== TASK BRIEF ==
All records shown below should be given again, character for character.

== Saved data entries ==
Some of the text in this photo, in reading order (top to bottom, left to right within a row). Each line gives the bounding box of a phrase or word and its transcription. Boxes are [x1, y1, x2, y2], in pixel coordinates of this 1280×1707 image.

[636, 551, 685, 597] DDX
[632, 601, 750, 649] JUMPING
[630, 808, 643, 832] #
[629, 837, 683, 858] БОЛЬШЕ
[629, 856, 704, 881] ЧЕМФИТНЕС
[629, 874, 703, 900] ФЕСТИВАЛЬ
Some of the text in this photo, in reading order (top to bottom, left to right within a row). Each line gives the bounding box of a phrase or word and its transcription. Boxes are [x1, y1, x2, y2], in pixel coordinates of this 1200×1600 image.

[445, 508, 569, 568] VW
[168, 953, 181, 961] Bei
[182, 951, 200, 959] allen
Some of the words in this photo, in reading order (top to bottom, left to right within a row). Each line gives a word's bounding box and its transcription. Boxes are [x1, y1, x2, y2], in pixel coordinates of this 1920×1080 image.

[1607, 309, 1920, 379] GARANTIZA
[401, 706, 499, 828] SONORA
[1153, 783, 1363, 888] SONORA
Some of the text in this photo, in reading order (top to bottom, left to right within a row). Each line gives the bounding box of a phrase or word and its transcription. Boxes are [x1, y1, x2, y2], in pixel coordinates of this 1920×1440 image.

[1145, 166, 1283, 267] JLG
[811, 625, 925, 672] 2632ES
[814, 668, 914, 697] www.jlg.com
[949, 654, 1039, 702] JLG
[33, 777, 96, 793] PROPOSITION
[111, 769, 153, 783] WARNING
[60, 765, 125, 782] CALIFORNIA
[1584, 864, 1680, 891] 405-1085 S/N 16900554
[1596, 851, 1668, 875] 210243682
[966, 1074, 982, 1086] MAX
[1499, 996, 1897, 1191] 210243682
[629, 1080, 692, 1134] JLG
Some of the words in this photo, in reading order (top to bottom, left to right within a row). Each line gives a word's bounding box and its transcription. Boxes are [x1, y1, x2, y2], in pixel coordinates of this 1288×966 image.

== EXERCISE OUTPUT ==
Some of the text in this photo, in reading order (top to bottom, left to right within a row). Each line gives the bounding box of a phrase or word and its transcription. Boxes are [x1, y1, x2, y2], in pixel coordinates of this 1280×1707 image.

[636, 551, 685, 597] DDX
[632, 601, 750, 649] JUMPING
[630, 808, 643, 832] #
[629, 837, 683, 858] БОЛЬШЕ
[629, 856, 704, 881] ЧЕМФИТНЕС
[629, 874, 703, 900] ФЕСТИВАЛЬ
Some of the text in this photo, in reading order (top to bottom, left to right within a row). Each line gives the bounding box of a phrase or word and its transcription. Boxes are [x1, y1, x2, y2], in pixel coordinates of this 1200×1600 image.

[445, 508, 569, 568] VW
[168, 953, 181, 961] Bei
[182, 951, 200, 959] allen
Some of the words in this photo, in reading order (top to bottom, left to right within a row). Each line gives a word's bounding box and its transcription. Boxes are [x1, y1, x2, y2], in pixel coordinates of this 1920×1080 image.

[1607, 309, 1920, 379] GARANTIZA
[401, 706, 499, 828] SONORA
[1153, 783, 1363, 888] SONORA
Some of the text in this photo, in reading order (top to bottom, left to right within a row). Each line gives the bounding box of a phrase or word and its transcription. Boxes are [x1, y1, x2, y2], in pixel coordinates of this 1920×1440 image.

[1145, 166, 1283, 267] JLG
[811, 625, 925, 672] 2632ES
[814, 668, 914, 697] www.jlg.com
[949, 654, 1039, 702] JLG
[33, 777, 96, 793] PROPOSITION
[111, 769, 153, 783] WARNING
[60, 765, 125, 782] CALIFORNIA
[1584, 864, 1680, 891] 405-1085 S/N 16900554
[1596, 851, 1668, 875] 210243682
[966, 1074, 982, 1086] MAX
[1499, 996, 1897, 1191] 210243682
[629, 1080, 692, 1134] JLG
Some of the words in this photo, in reading order (top to bottom, left to right within a row). Each line gives a word's bounding box and its transcription. Boxes are [x1, y1, x2, y2], in pixel coordinates of this 1288×966 image.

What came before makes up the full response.